Allow NaNs in the matrix #157

hnykda · 2016-09-29T11:49:01Z

Hi,

this is a bit connected to accepting sparse matrices - basically about sklearn validations.

I understand why not accepting NaN is sometimes necessary for some algorithms, it doesn't make sense for e.g. *RandomSamplers. NaNs could be copied as well.

As a workaround, I replace all NaNs by some other valid value and then convert it back. But it is of course a bit weird...

The text was updated successfully, but these errors were encountered:

glemaitre · 2016-09-29T12:59:38Z

I think that accepting NaN is weirder than making the manual replacement.
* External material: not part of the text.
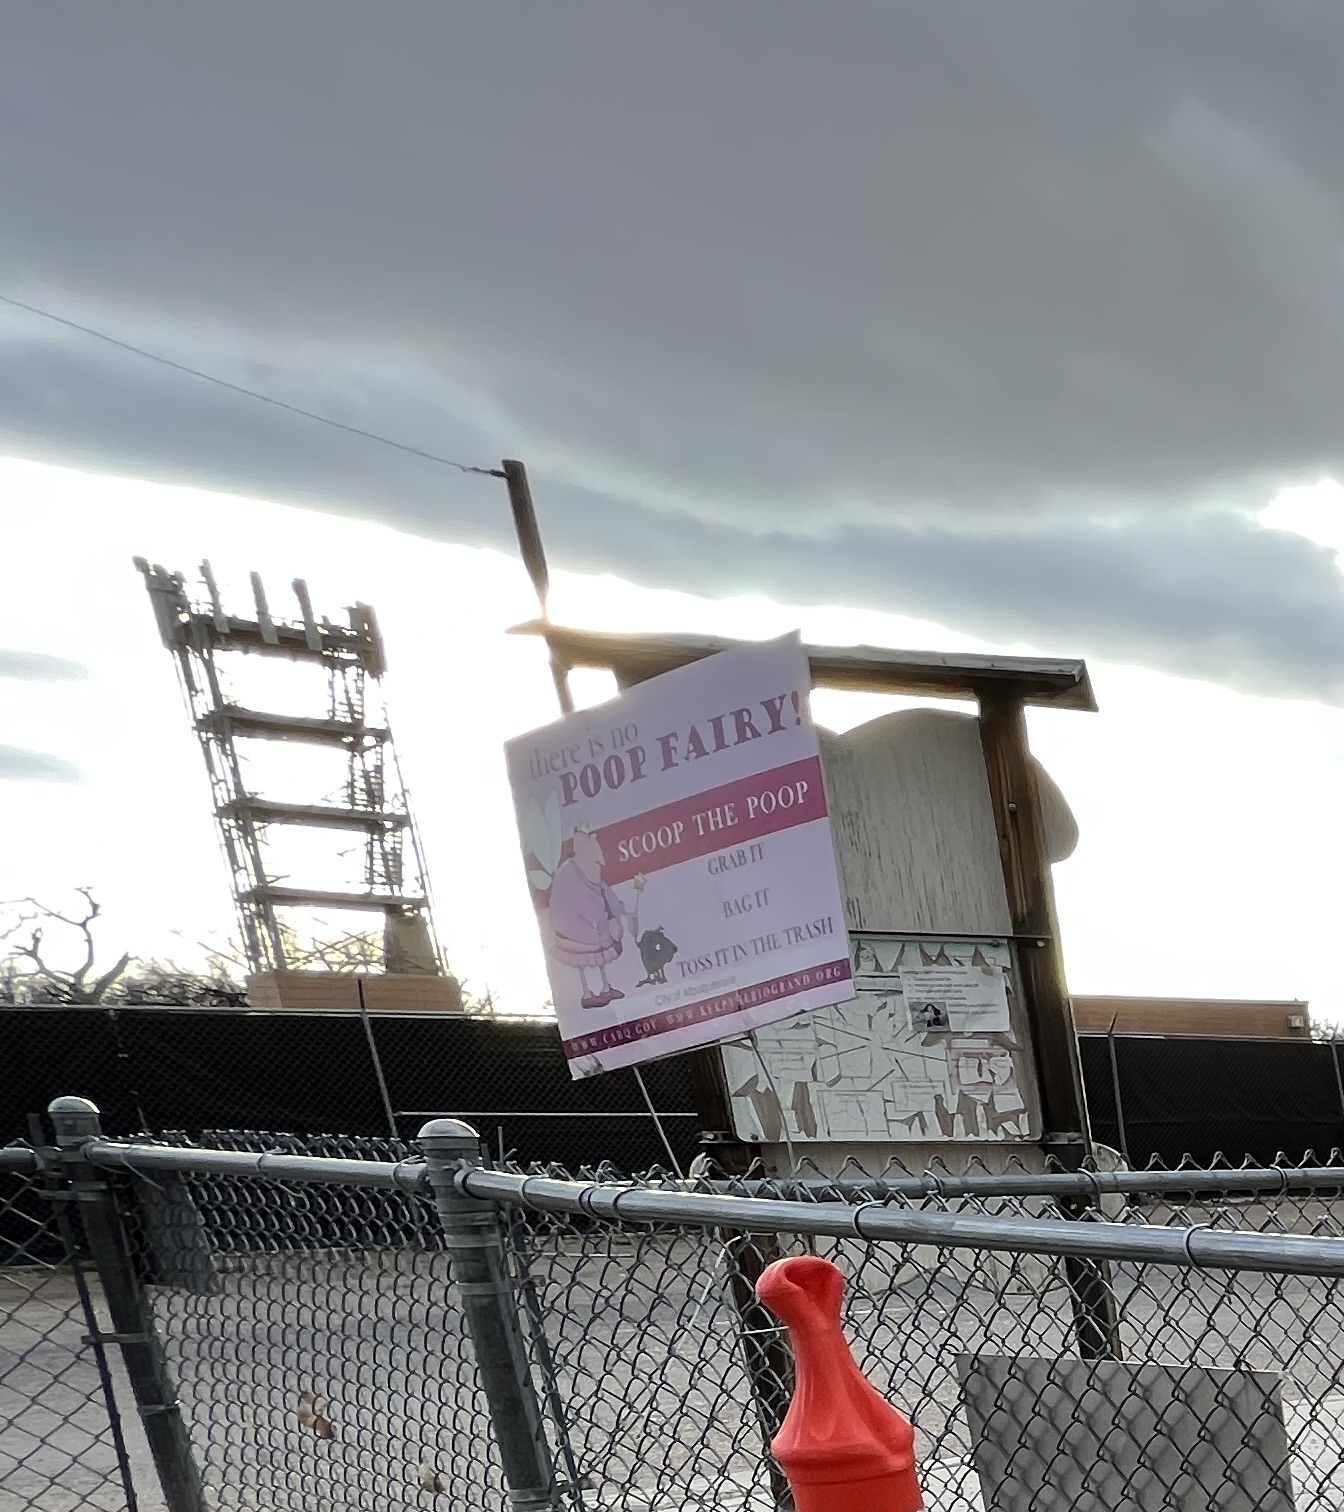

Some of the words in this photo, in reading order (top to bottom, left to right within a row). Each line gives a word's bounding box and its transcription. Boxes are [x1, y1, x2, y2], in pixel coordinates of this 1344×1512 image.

From my point of you, NaN is something that should be handle by the user itself and one should be aware about the solution chosen. Let me give more insights about my thoughts:

Imagine that you create a feature space in which you accidentally created some NaN (typical example: negative number in square root, etc.). You propagate this error along the sampling as well. I would rather prefer to find out beforehand.
Then, most of the methods generating new samples or removing samples rely on the values in this feature space. I have issue thinking about how to handle and generate new samples with NaN with SMOTE or ADASYN. Similarly, is the selection criterion for the under-sampling methods still make sense with NaN?

So that's why I would be still not permissive regarding these values.

@chkoar @dvro @fmfn Any thoughts?

hnykda · 2016-09-29T13:04:07Z

Sure, it has its drawbacks and agree with that.

I disagree with the first problem you mention, though... Here you are trying to incorporate some sort of validations which have nothing to do with oversampling. I daily work with datasets where NaNs are totally valid cases and if those tools (including scikit-learn) incorporate "ignore nans because they might be wrong values" rule, I couldn't used them at all (many ML methods supports sparse datasets). By the way, Pandas has nan handling as one of the main features.

chkoar · 2016-09-29T13:04:57Z

I think that he explicitly refers to the Random*Samplers where the feature values doesn't matter.

hnykda · 2016-09-29T13:09:34Z

@chkoar I wouldn't say they doesn't matter, they are just valid values.

chkoar · 2016-09-29T13:11:31Z

@hnykda I was refering to the sampling procedure itself.

glemaitre · 2016-09-29T13:13:48Z

@chkoar @hnykda Sorry my bad, If this is specifically for the random samplers. I agree that we can less rigid since that the selection is not based on the feature space itself.

So in this case what I would see is a let pass for these the random methods and a rising of a user warning for containing NaN.

What do you think?

glemaitre · 2016-09-29T13:18:45Z

The sparse problem is still different. We should be able to support it since that distances and kNN allow it. However, it should be the most homogeneous possible in the toolbox.

hnykda · 2016-09-29T13:21:10Z

Cool. Thanks.

IMHO just adding some argument "accept_nan=False` or something in the constructor/fit method would suffice. That should be easily implementable. But I am leaving that to you...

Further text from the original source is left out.